Introduction: Ischemic preconditioning (IPC) is an intrinsic protective mechanism which markedly enhanced the ability of the heart to withstand a subsequent ischemic injury. We previously found that IPC cardioprotection was markedly attenuated in diabetic rats. Therefore, we hypothesized that insulin-regulated myocardial substrate metabolism may play a key role in IPC-afforded cardioprotection. Methods: Adult male rats were subjected to 30 min of myocardial ischemia and 3 h of reperfusion (MI/R). IPC was achieved by two cycles of 5 min ischemia and 5 min reperfusion.

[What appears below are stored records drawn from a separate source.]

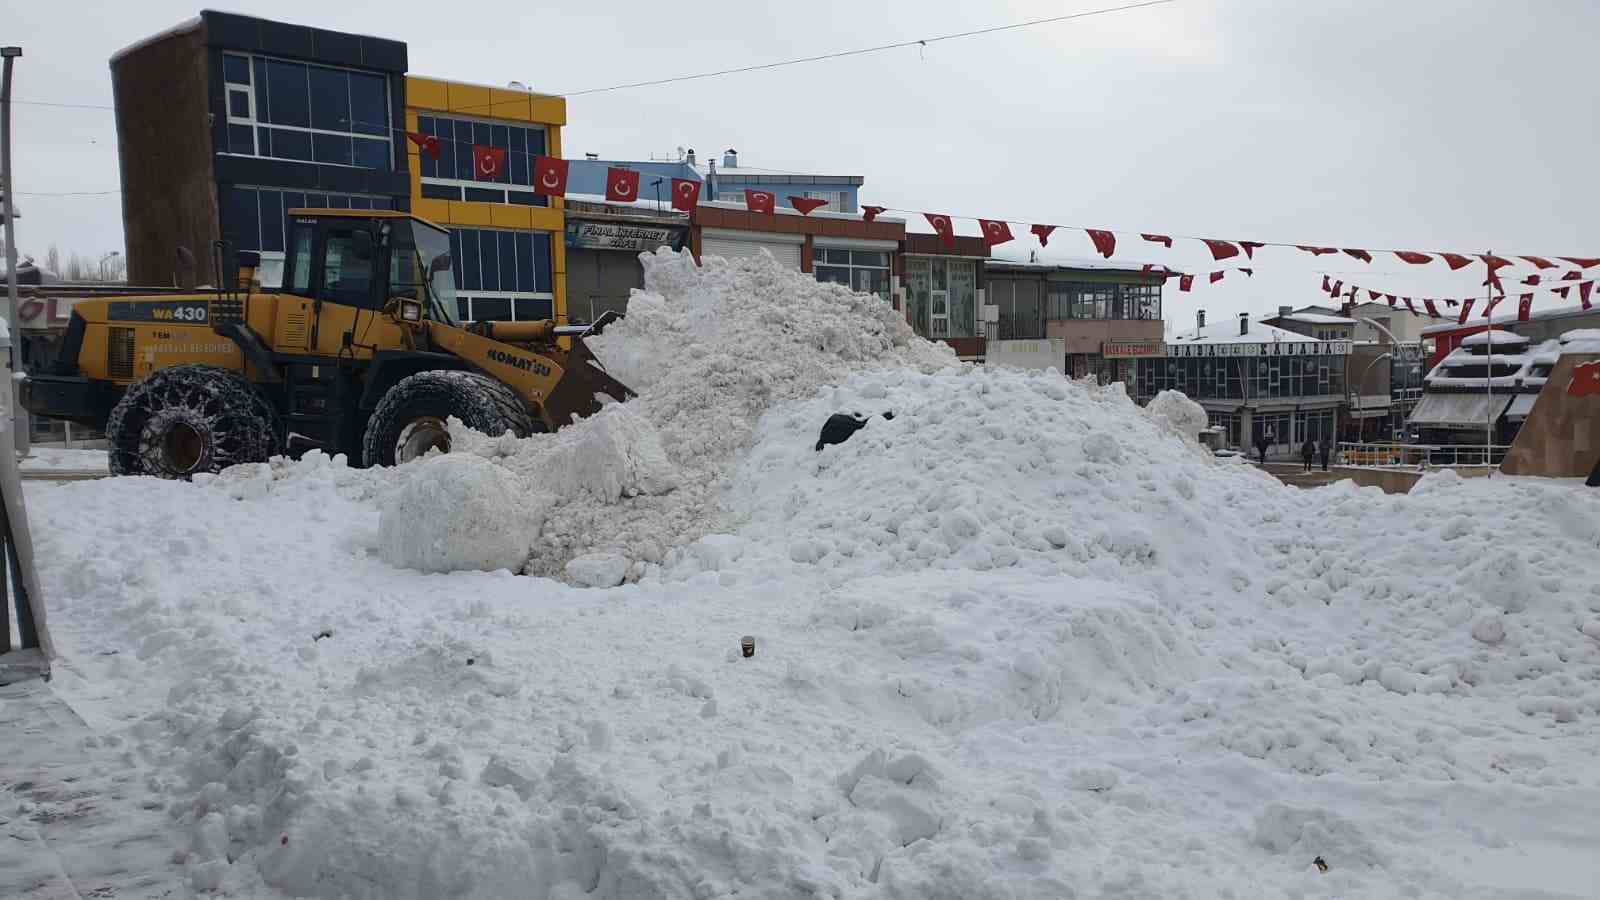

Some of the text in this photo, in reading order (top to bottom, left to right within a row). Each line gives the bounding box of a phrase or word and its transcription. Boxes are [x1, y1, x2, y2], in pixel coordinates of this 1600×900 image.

[583, 224, 613, 237] FINAL
[607, 238, 637, 249] CAFE
[152, 306, 207, 321] WA430
[486, 348, 552, 377] KOMATSU
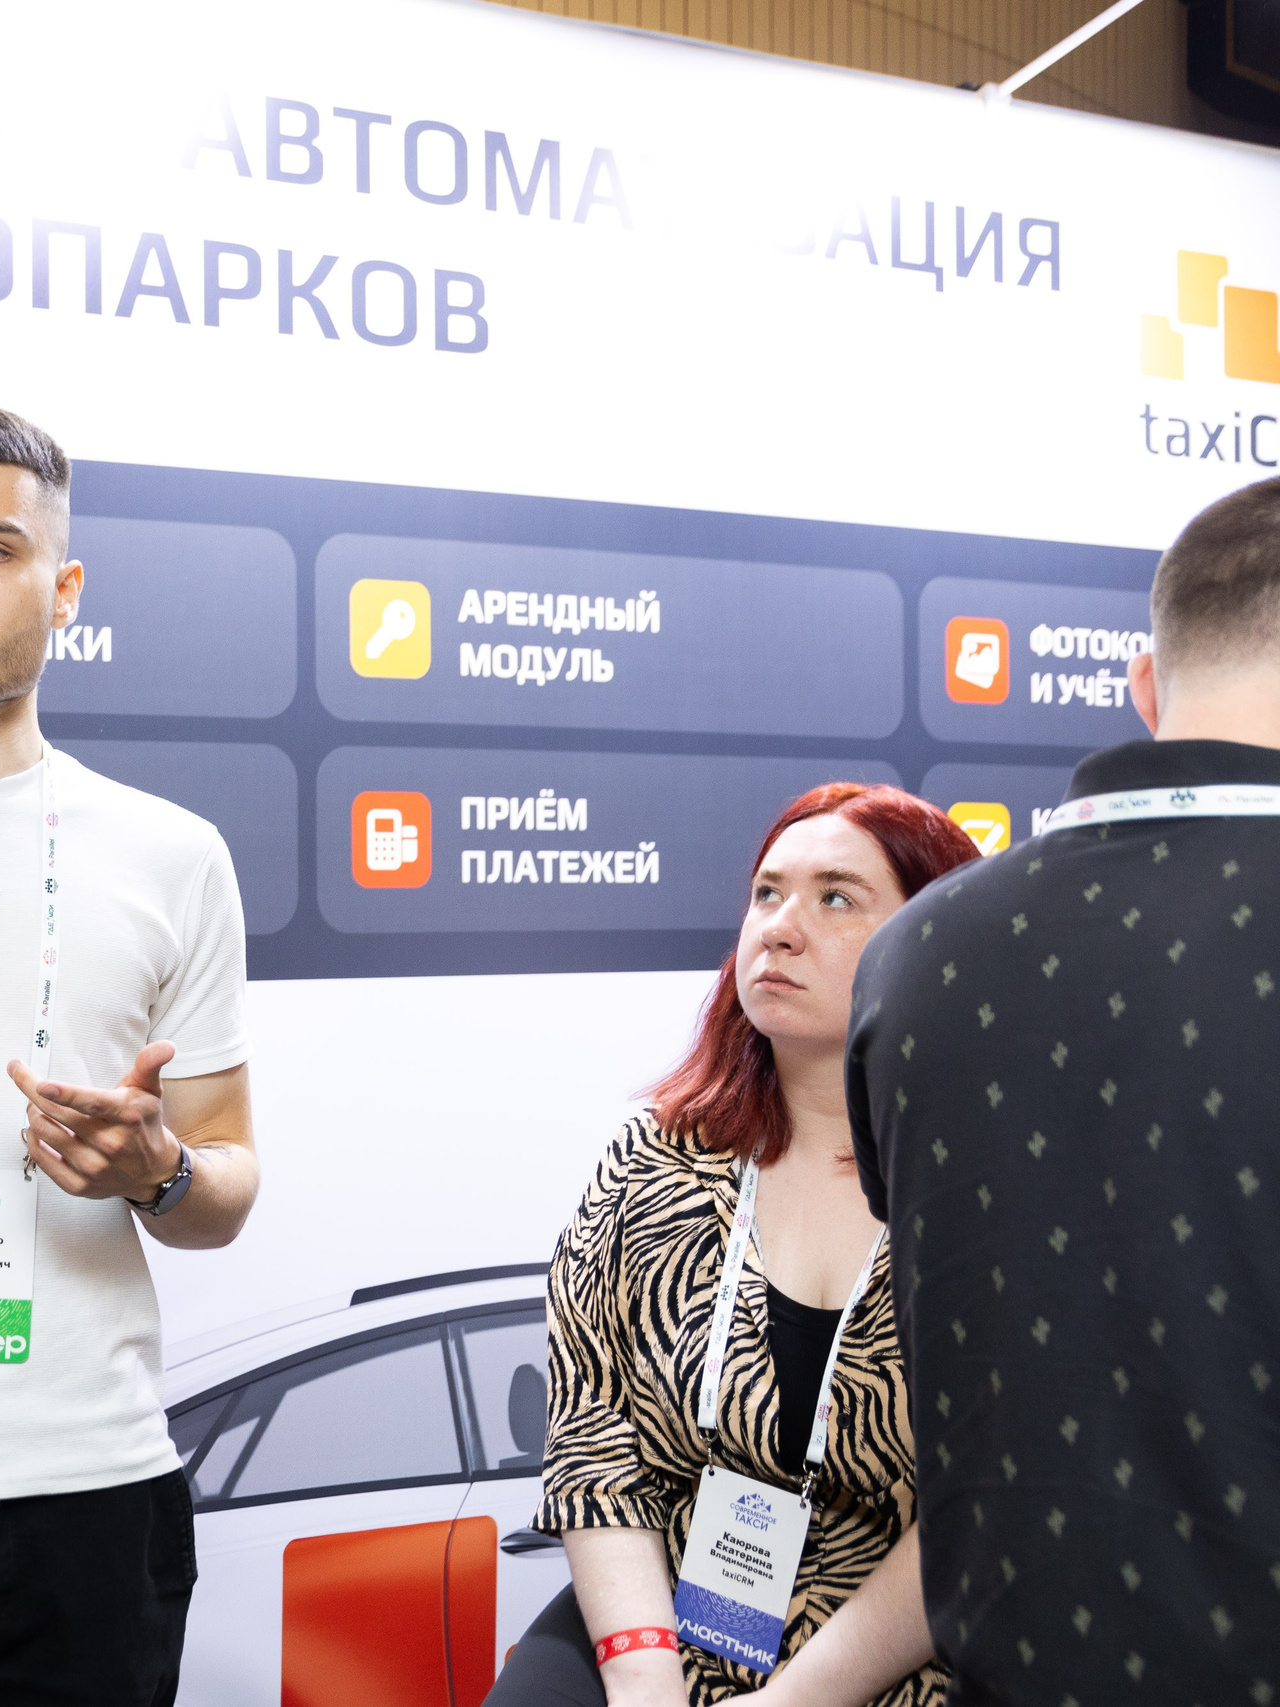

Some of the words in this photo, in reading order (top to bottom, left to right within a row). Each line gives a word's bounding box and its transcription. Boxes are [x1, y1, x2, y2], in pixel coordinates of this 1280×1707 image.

[180, 90, 1063, 292] АВТОМААЦИЯ
[458, 589, 660, 635] АРЕНДНЫЙ
[1029, 623, 1155, 662] ФОТОКО
[459, 642, 614, 687] МОДУЛЬ
[1030, 672, 1053, 704] И
[1056, 668, 1128, 708] УЧЁТ
[461, 788, 588, 831] ПРИЁМ
[461, 841, 660, 884] ПЛАТЕЖЕЙ
[43, 980, 51, 1005] Parallel
[730, 1502, 777, 1525] СОВРЕМЕННОЕ
[734, 1511, 769, 1532] ТАКСИ
[716, 1540, 773, 1570] Екатерина
[723, 1531, 771, 1558] Каюрова
[710, 1548, 774, 1580] Владимировна
[722, 1568, 755, 1588] taxiCRM

Myocardial glucose and fatty acid (FA) uptake were assessed at the end of 1 h reperfusion by determining 18 F-2-deoxy-2-fluoro-D-glucose uptake and fatty acid translocase (FAT)/CD36 translocation, respectively. Results: IPC significantly improved cardiac function (n=8, P <0.05) with reduced myocardial infarction, apoptotic cell death and blood creatine kinase/lactate dehydrogenase levels following MI/R (all P <0.05). Myocardial glucose uptake was markedly elevated after IPC treatment (17.0±1.5 vs. 12.4±1.0 in MI/R, n=10-12, P <0.05), as well as translocation of glucose transporter 4 (GLUT4) to plasma membrane (PM) ( P <0.01). Meanwhile, myocardial PI3K expression and Akt phosphorylation were significantly enhanced in IPC group ( P <0.05). Interestingly, IPC also increased CD36 translocation to PM and AMPK phosphorylation ( P <0.05). Wortmannin not only abrogated the cardioprotective effect of IPC, but also inhibited IPC-induced Akt/AMPK phosphorylation and subsequent GLUT4/CD36 translocation. Furthermore, the cardioprotection of IPC was markedly blunted in STZ-induced insulin-deficient diabetic hearts with failure of increase in glucose/FA uptake and impaired IPC-stimulated PI3K-Akt and AMPK signaling (n=6, P <0.05). Conclusions: These results suggest that IPC increases both glucose and FA uptake during early reperfusion to resist myocardial injury via insulin-stimulated, and PI3K-dependent Akt and AMPK activation. Therefore, augmenting insulin signaling may be a potential therapy to improve myocardial substrate uptake and restore the cardioprotection of IPC in diabetic hearts.